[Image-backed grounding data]
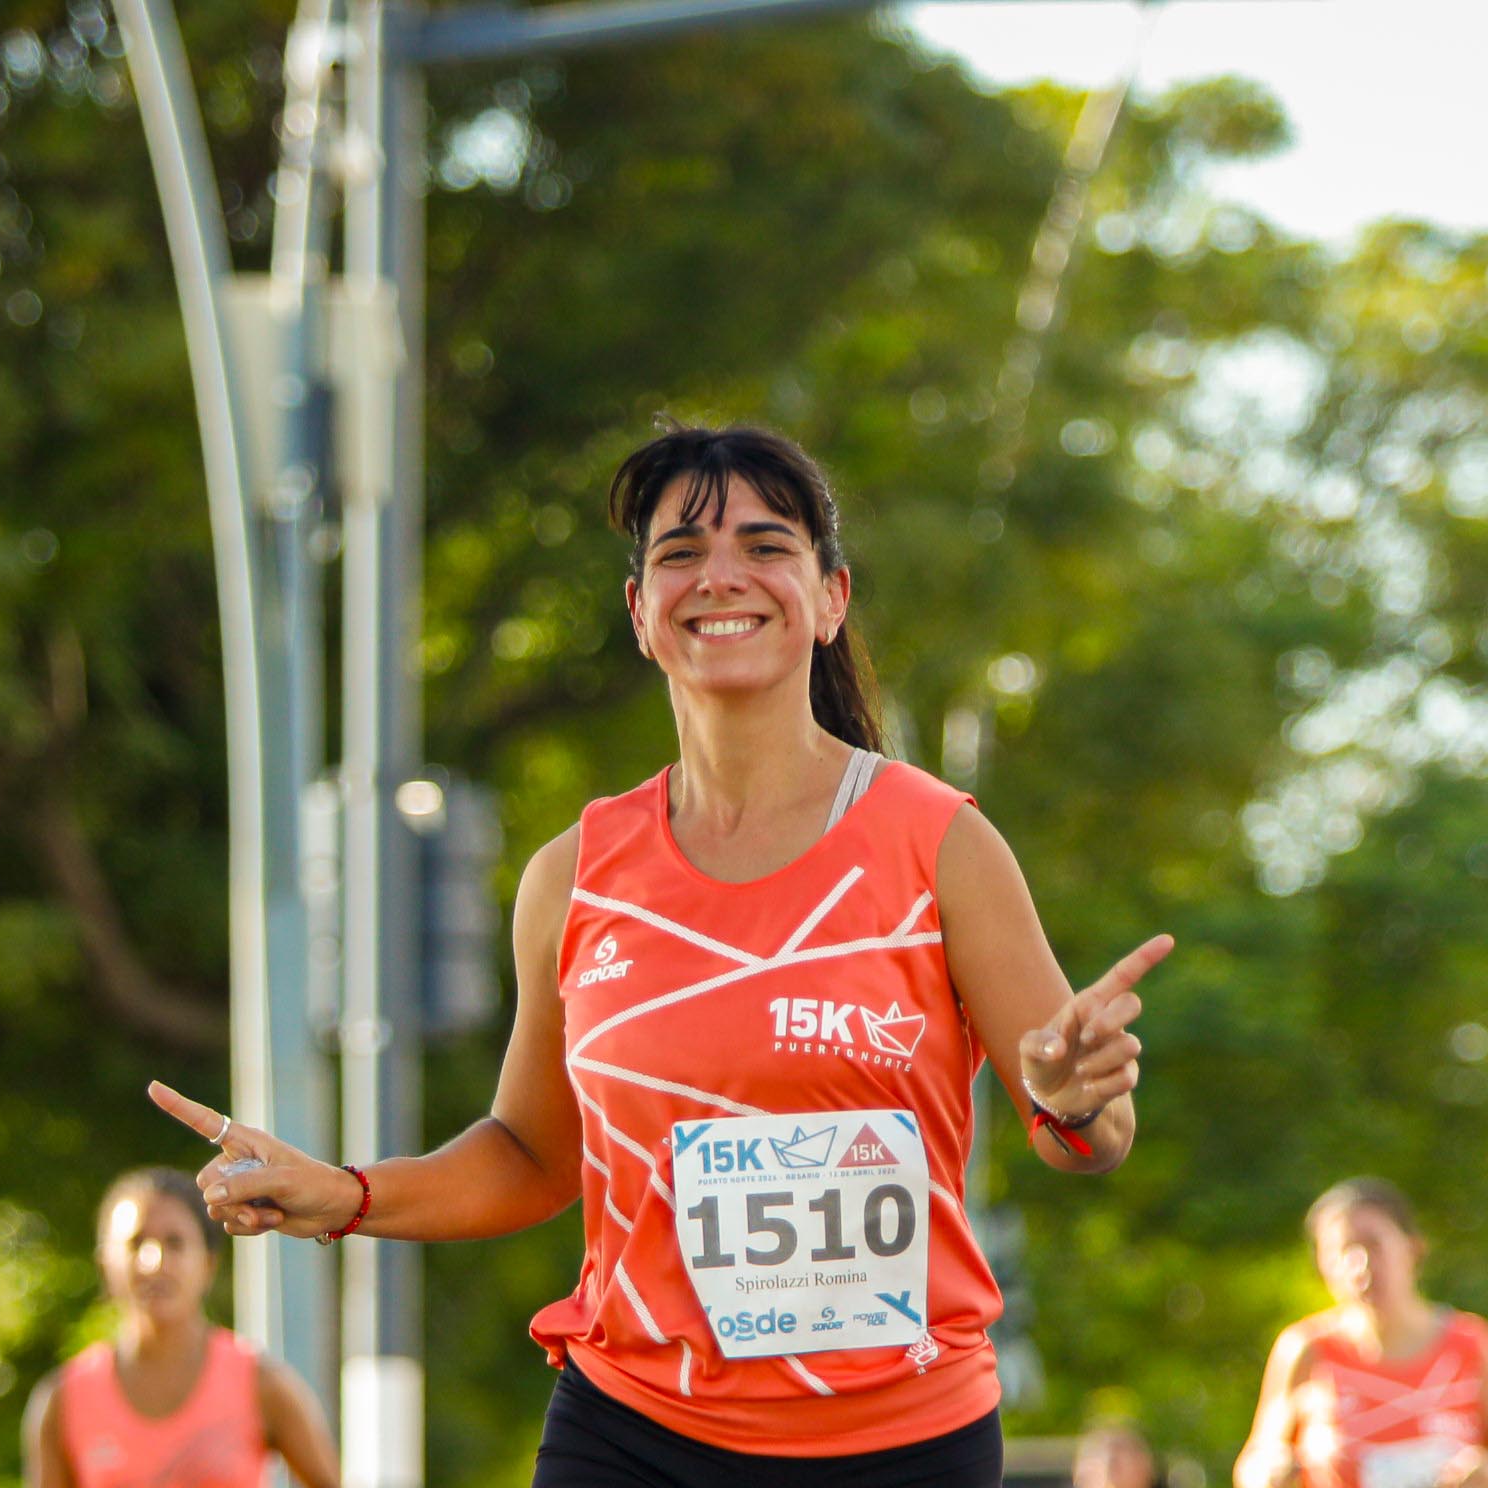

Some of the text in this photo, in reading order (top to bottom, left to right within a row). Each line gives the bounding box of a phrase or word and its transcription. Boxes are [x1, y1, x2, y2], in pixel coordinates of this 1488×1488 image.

[769, 997, 857, 1044] 15K
[697, 1138, 765, 1174] 15K
[850, 1142, 885, 1162] 15K
[698, 1177, 728, 1185] PUERTO
[731, 1175, 755, 1184] NORTE
[786, 1171, 820, 1181] ROSARIO
[841, 1169, 850, 1177] DE
[853, 1168, 874, 1176] ABRIL
[687, 1183, 916, 1269] 1510
[735, 1269, 868, 1294] Spirolazzi Romina
[717, 1307, 797, 1339] osde

### What you will do:
Please write out all of the data verbatim, with no pictures in the copy.

### Expected answer:
Some of the text in this photo, in reading order (top to bottom, left to right within a row). Each line gives the bounding box of a phrase or word and its transcription. Boxes are [x1, y1, x2, y2], in pixel coordinates of this 1488×1488 image.

[769, 997, 857, 1044] 15K
[697, 1138, 765, 1174] 15K
[850, 1142, 885, 1162] 15K
[698, 1177, 728, 1185] PUERTO
[731, 1175, 755, 1184] NORTE
[786, 1171, 820, 1181] ROSARIO
[841, 1169, 850, 1177] DE
[853, 1168, 874, 1176] ABRIL
[687, 1183, 916, 1269] 1510
[735, 1269, 868, 1294] Spirolazzi Romina
[717, 1307, 797, 1339] osde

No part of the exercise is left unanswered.